Asian share markets got off to a cautious start on Wednesday, after another volatile Wall Street session, as investors braced for the outcome of the Fed’s meeting late in the day and any hints about faster tightening of monetary policy.
MSCI’s broadest index of Asia-Pacific shares outside Japan was up 0.26% early on Wednesday, but the index has skidded 2.4% this year, and is testing mid-December’s one-year low.
Concerns that the Fed’s expected interest rate hikes could hammer Asia’s equities markets have dragged on the regional benchmark, though moves elsewhere have been even more dramatic.
Globally, U.S. stocks posted their worst week since 2020 last week, and MSCI’s world index is on course for its biggest monthly drop since the COVID-19 pandemic hit markets in March 2020.
Japan’s Nikkei lost 0.8% to hover around its lowest level since Dec. 2020.
The Fed is due to update its policy plan later on Wednesday, likely fleshing out timing for expected rate hikes and shrinking its massive balance sheet.
”Asian markets are currently being affected by volatility in global markets, concerns about Fed tightening in the face of higher inflation and uncertainty about events in Russia and Ukraine,” said Mansoor Mohi-uddin, chief economist at Bank of Singapore.
Growing tensions as Russian troops massed on Ukraine’s border have added to a risk-averse environment for investors.
”We expect the Fed meeting, however, will not add to volatility. The central bank is set to only finish its quantitative easing in March and while it will signal interest rates are likely to be raised in March too, the Fed will endorse market expectations for quarterly 25bps hikes for its fed funds rate rather than more aggressive tightening this year,” Mohi-uddin added.
Money markets are priced for a first rate hike by the Fed in March, with three more quarter-point increases by year-end.
Fed tightening is putting pressure on some central banks in Asia to follow suit, potentially hurting their equity markets as happened in 2013 when the U.S. central bank began tapering its post financial crisis stimulus.

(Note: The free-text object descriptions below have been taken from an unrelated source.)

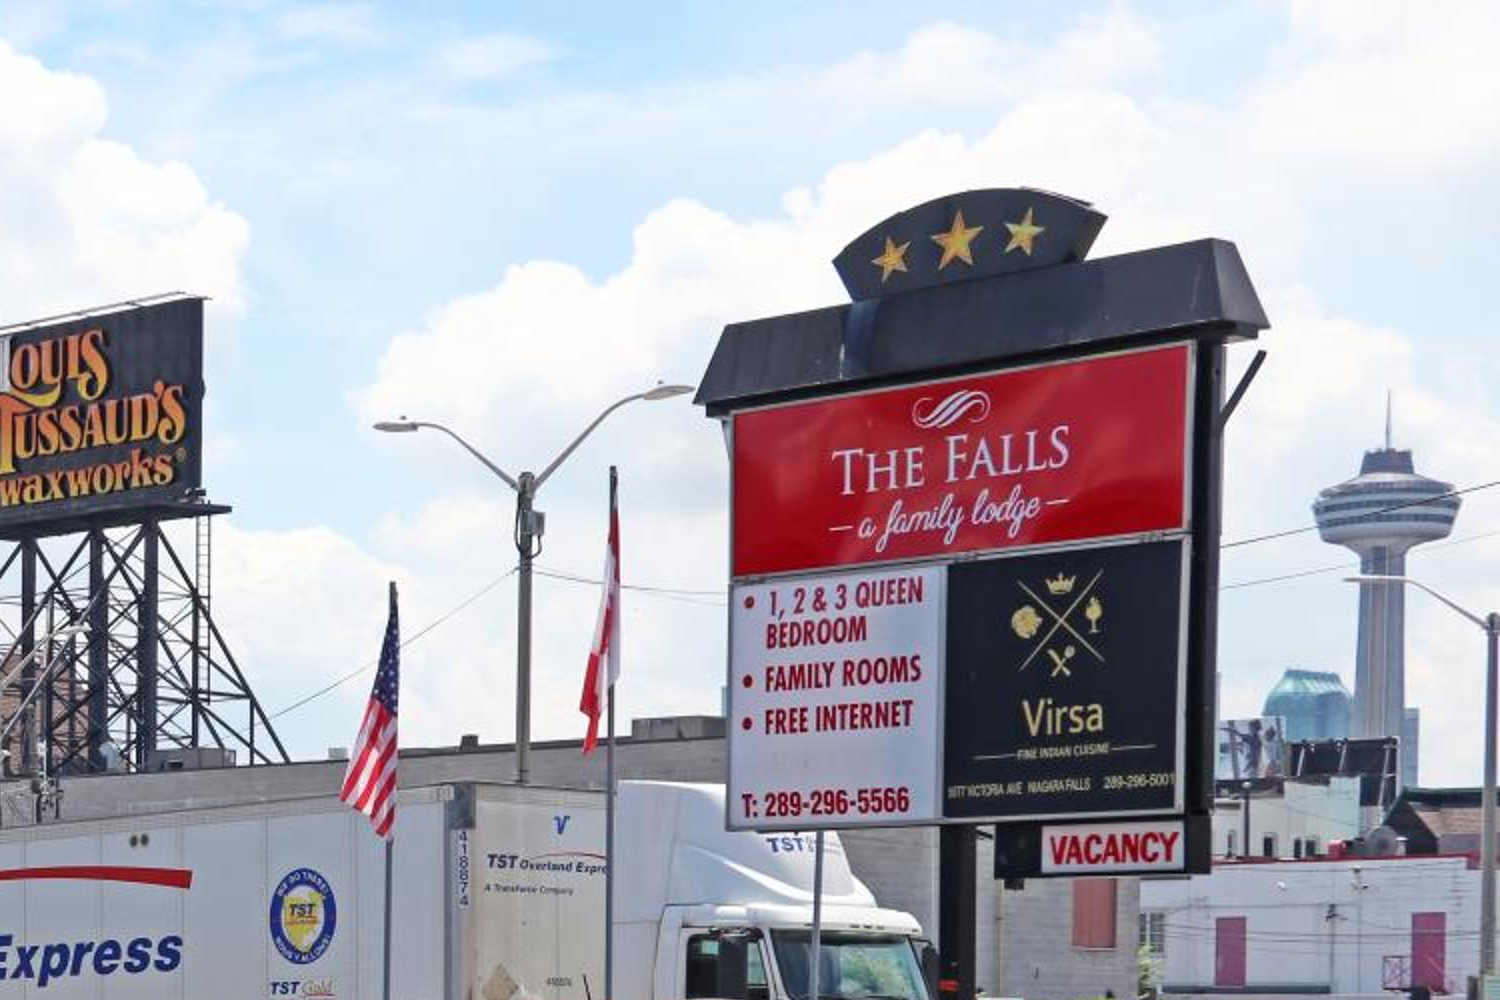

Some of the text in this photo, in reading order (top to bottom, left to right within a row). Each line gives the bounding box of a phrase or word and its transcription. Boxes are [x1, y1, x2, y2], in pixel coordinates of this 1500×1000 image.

[831, 425, 1070, 496] THE FALLS
[858, 484, 1041, 553] a family lodge
[793, 588, 806, 614] 2
[811, 587, 827, 613] &
[835, 584, 847, 610] 3
[855, 576, 924, 609] QUEEN
[766, 615, 867, 649] BEDROOM
[765, 655, 922, 693] FAMILY ROOMS
[765, 700, 914, 735] FREE INTERNET
[1021, 698, 1104, 737] Virsa
[1065, 776, 1091, 792] FALLS
[741, 786, 910, 818] T: 289-296-5566
[766, 836, 804, 853] TST
[1050, 831, 1180, 865] VACANCY
[487, 854, 608, 876] TST Overland Expr
[289, 903, 316, 918] TST
[270, 981, 301, 996] TST

”As long as turbulence remains relatively contained to equity markets, the bar for the Fed becoming dovish is high,” said analysts at Nomura in a note.
They said they thought some of the Fed’s policy committee would interpret the latest sell off in equities as potentially taking out some of the ”froth” in the market, so it would not change their view, especially amid worries about high inflation.

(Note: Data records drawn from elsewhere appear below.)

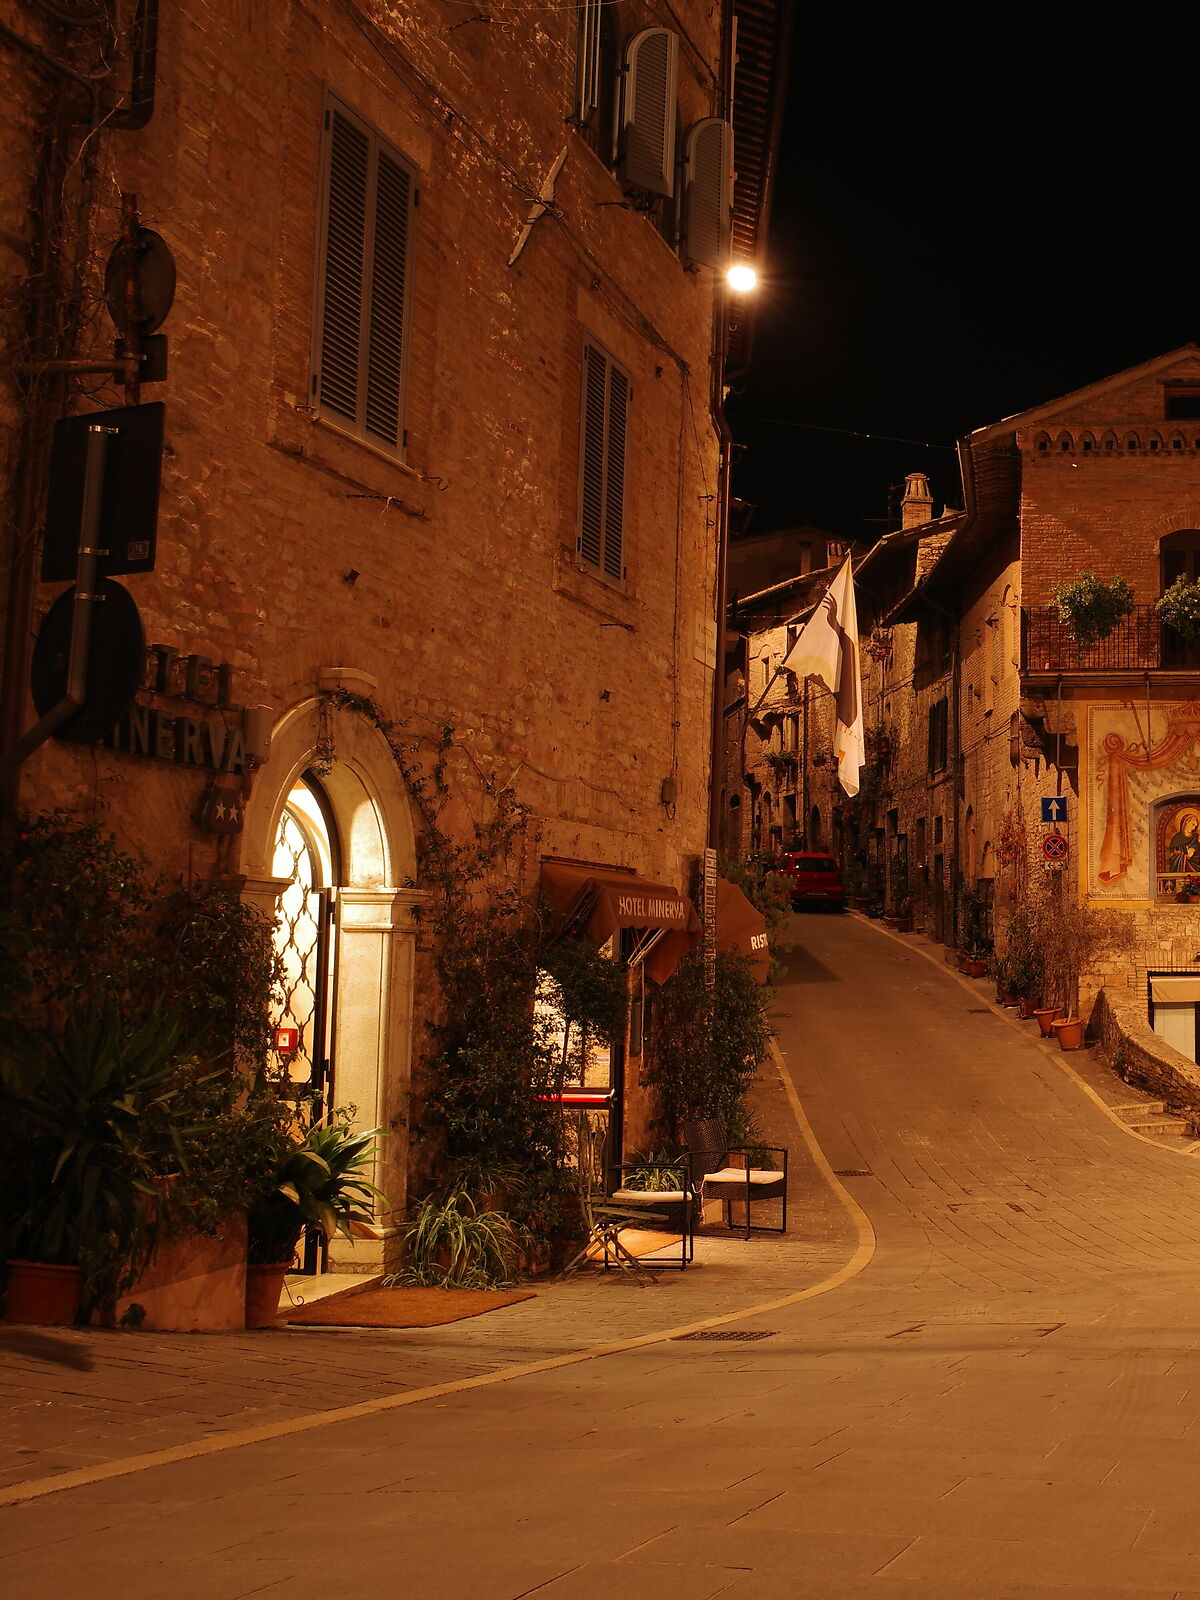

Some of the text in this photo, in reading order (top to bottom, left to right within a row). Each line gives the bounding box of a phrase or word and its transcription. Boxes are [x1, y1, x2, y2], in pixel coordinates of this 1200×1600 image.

[152, 644, 239, 711] TEL
[111, 706, 248, 775] INERVA
[618, 896, 685, 919] HOTEL MINERVA
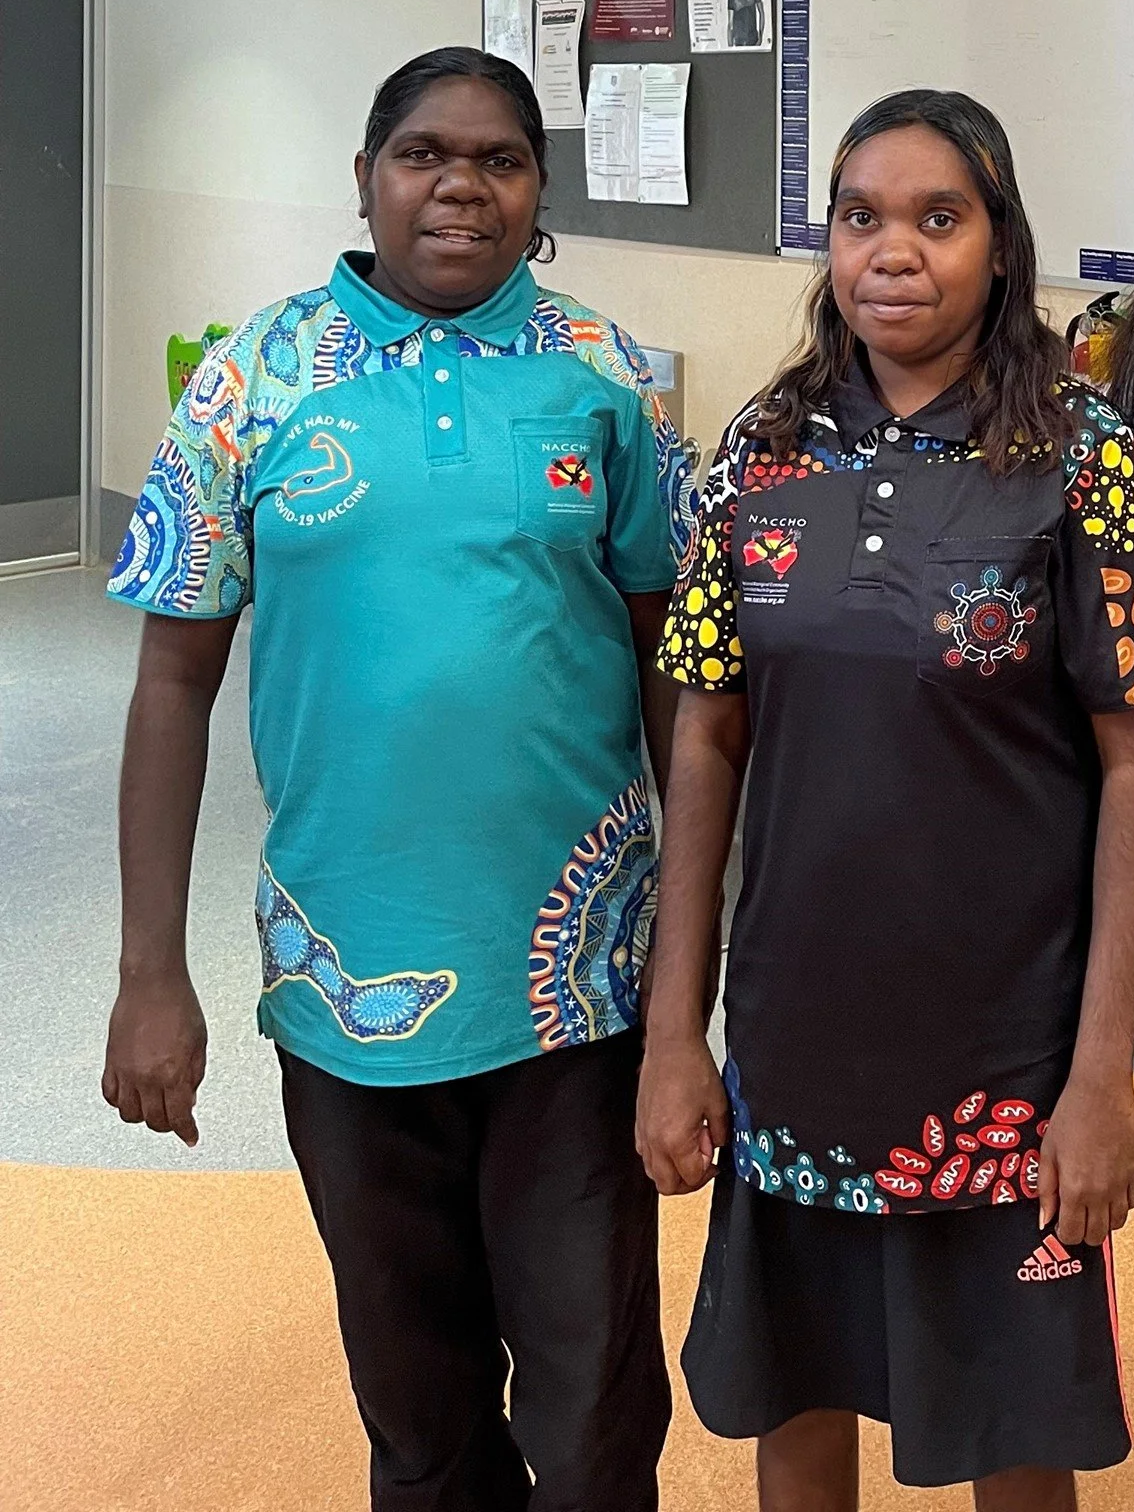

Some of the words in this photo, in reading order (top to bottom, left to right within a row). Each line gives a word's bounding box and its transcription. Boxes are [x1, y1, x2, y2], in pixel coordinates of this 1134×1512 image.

[304, 415, 335, 430] HAD
[336, 418, 360, 433] MY
[274, 490, 315, 526] COVID-19
[316, 479, 371, 524] VACCINE
[748, 514, 807, 527] NACCHO
[1016, 1259, 1083, 1281] adidas

In early trade Wednesday morning, China’s blue-chip index rose 0.4%, while Hong Kong’s Hang Seng Index was up 0.6%.
Hao Hong, Head of Research at BOCOM International, expects limited appetite from investors to hold big positions in Asia after heavy market selling, as the Chinese New Year approaches.
U.S. Treasuries were steady on Wednesday, with yields on two year notes at 1.0273%, holding onto gains made earlier this month. The yield on benchmark 10-year Treasury notes was 1.7814%, a little below the two-year high of 1.9% hit last week.
S&P 500 futures fell 0.13% and Nasdaq futures were flat.
On the previous trading day, the Dow Jones Industrial Average fell 0.19%, the S&P 500 lost 1.22% and the Nasdaq Composite dropped 2.28%.
The dollar index against a basket of major currencies was mostly unchanged, although the U.S. greenback lost some ground against the safe haven yen, which has benefited from a flight to safety in recent months, and the Australian dollar.
U.S. crude fell 0.4% on Wednesday to $ 85.26 per barrel and Brent crude eased 0.16% to $ 88.04 per barrel.
Spot gold added 0.1% to $ 1,848.41 an ounce, having hit a two month high overnight as investors sought safety.